Notre expérience Volunteers in Java à Cianjur | Partie 1/2

Bonjour et bienvenue sur notre blog ! Comme vous pourrez le remarquer, notre blog se refait une beauté.
Donc désolés pour le design douteux, la mise en page totalement dégueu et l’absence de photos. 🙏
On est sur le coup ! 🙃
Merci de votre compréhension. Bisous.

Voici la 1ère partie du récit de nos premiers pas en Indonésie dans le cadre du programme « Volunteers in Java » dans le village de Cianjur sur l’île de Java. Une immersion totale avec les habitants, des journées rythmées, la découverte d’une culture très éloignée de la nôtre, des émotions intenses, une expérience hors du commun. Nous vous invitons à la lecture de nos émotions…

Une nuit à l’aéroport

– Passeport ! Cianjur… ? Qu’est ce que vous allez faire là-bas ? Il n’y a aucun touriste !

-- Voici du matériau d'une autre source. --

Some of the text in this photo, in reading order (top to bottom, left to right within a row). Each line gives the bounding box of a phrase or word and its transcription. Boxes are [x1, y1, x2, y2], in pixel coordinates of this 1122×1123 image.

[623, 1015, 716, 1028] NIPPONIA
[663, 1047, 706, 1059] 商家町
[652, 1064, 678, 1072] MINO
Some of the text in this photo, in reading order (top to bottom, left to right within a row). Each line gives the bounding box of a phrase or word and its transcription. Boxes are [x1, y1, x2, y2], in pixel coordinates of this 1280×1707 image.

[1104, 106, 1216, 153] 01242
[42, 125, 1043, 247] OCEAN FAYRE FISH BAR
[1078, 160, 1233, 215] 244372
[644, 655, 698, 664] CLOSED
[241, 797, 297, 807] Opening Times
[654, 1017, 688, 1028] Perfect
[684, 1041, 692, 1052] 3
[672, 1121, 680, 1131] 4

– Euh… et bien nous sommes attendus dans une famille !

– Ah ! Mais vous allez voir ça n’est pas pour les touristes, il n’y a rien à y faire ! Ahah !Allez, passez !

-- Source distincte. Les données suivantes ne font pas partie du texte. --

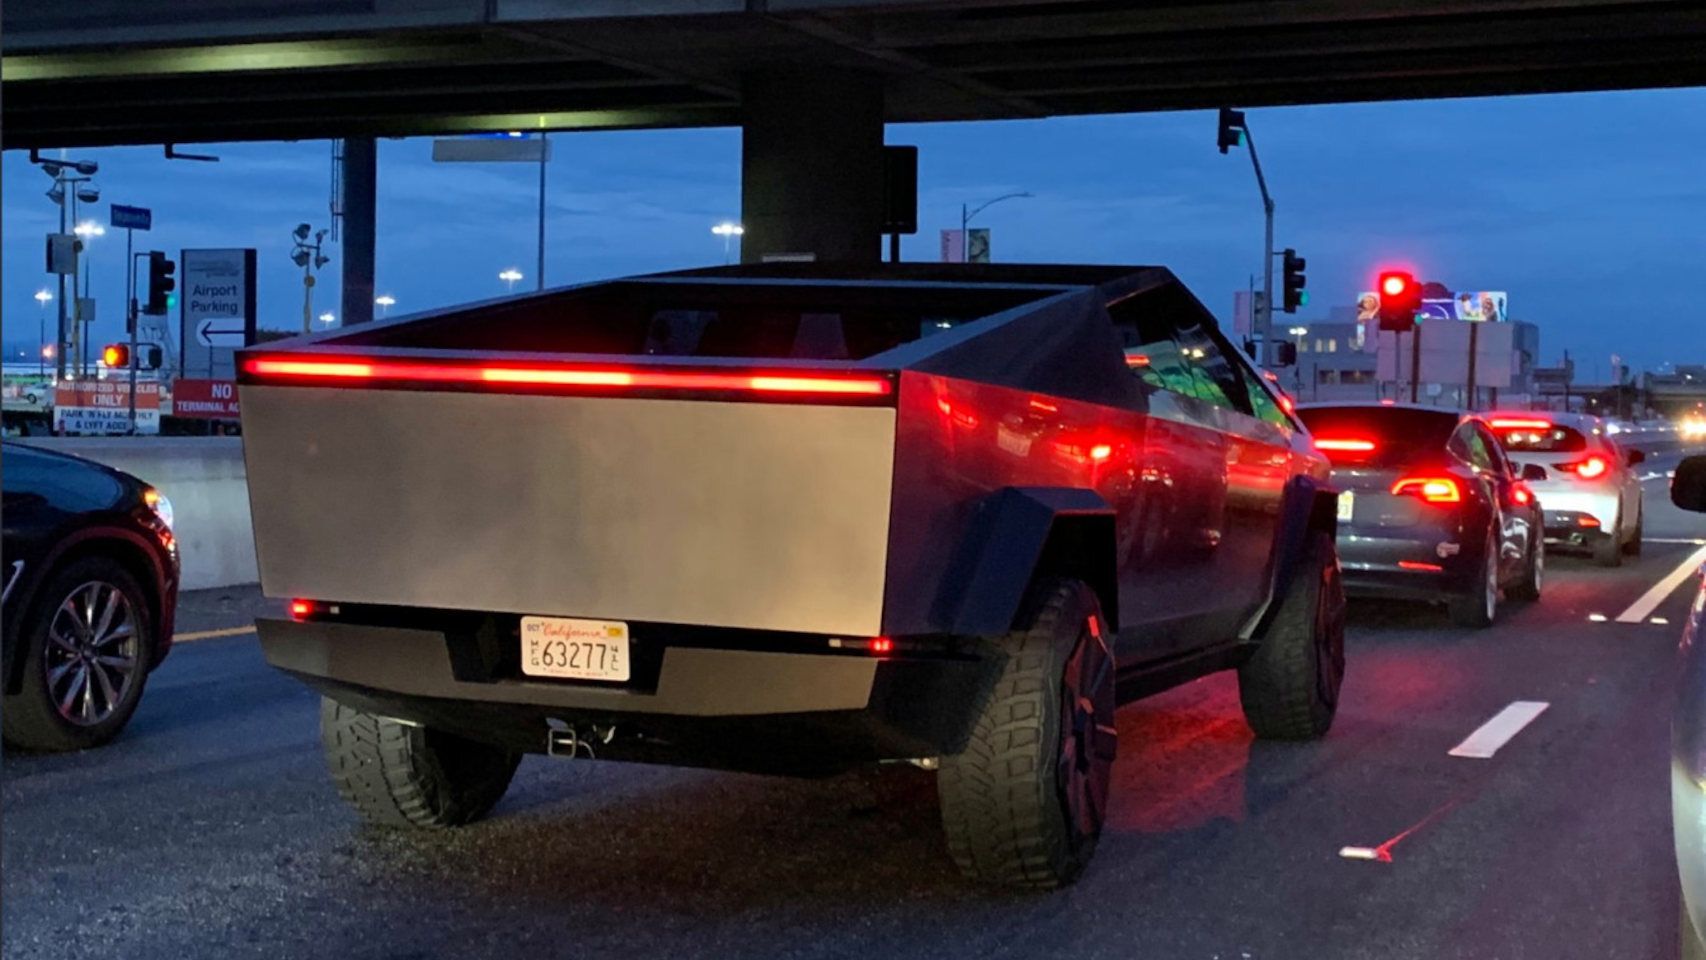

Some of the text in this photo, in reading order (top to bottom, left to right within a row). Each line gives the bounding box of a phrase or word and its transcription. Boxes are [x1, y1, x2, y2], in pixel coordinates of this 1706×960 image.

[192, 284, 238, 298] Airport
[191, 300, 239, 316] Parking
[116, 383, 158, 394] VEHCLES
[211, 384, 232, 399] NO
[92, 393, 123, 407] ONLY
[177, 401, 226, 413] TERMINAL
[543, 621, 601, 641] California
[542, 641, 607, 670] 63277
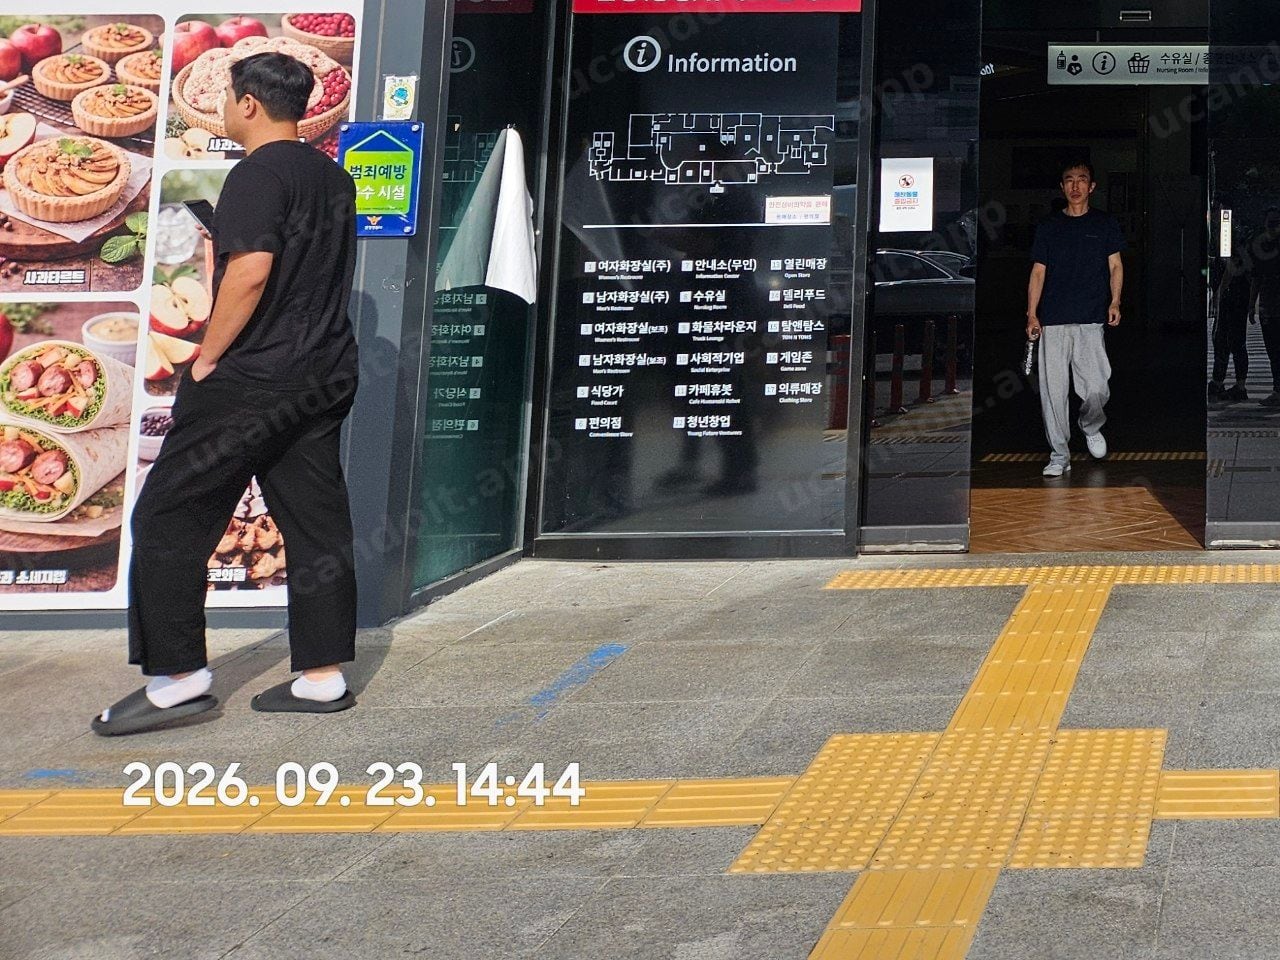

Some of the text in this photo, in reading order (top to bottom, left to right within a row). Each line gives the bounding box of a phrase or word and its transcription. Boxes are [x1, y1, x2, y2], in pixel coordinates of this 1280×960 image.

[668, 52, 797, 73] Information
[1159, 52, 1193, 65] 수유실
[350, 164, 407, 180] 범죄예방
[378, 184, 405, 200] 시설
[598, 260, 671, 273] 여자화장실(주)
[695, 258, 757, 272] 안내소(무인)
[784, 257, 828, 270] 열린매장
[24, 269, 86, 285] 사과타르트
[596, 290, 670, 304] 남자화장실(주)
[693, 290, 726, 303] 수유실
[783, 288, 826, 301] 델리푸드
[691, 320, 757, 334] 화물차라운지
[781, 319, 825, 332] 탐앤탐스
[690, 352, 745, 365] 사회적기업
[780, 351, 813, 364] 게임존
[591, 385, 625, 398] 식당가
[778, 382, 822, 395] 의류매장
[588, 416, 622, 429] 편의점
[687, 415, 731, 428] 청년창업

Le court dialogue avec le douanier de l’aéroport de Jakarta nous met immédiatement dans l’ambiance. Comment réagir à ses remarques ? C’est plutôt ce qu’on recherche, un endroit authentique, un lieu ou les mœurs ne sont pas modifiées par l’afflux touristique. Mais quand même s’il n’y a vraiment rien à y faire… Nous verrons bien.

Il est 23h, aucun bus ne pourra nous acheminer avant le lendemain matin. Il va falloir tuer le temps. Nous récupérons nos bagages et allons faire un tour à l’extérieur de cet aéroport qui sera notre refuge pour la nuit. Cette chaleur humide typique des climats tropicaux en saison de pluies nous enveloppe instantanément, la sensation me rappelle notre voyage en République Dominicaine, cette odeur particulière chargée d’humidité, cette sensation étrange d’étouffer pendant quelque instants, pas de doute nous sommes dans un nouveau pays, sous de nouvelles latitudes. Le contraste avec l’air climatisé presque trop froid de l’aérogare est violent. 5 minutes suffisent, nous sommes en nage ! Après avoir trouvé un coin tranquille pour la nuit, c’est à même le sol que nous profiterons des ces quelques heures de sommeil.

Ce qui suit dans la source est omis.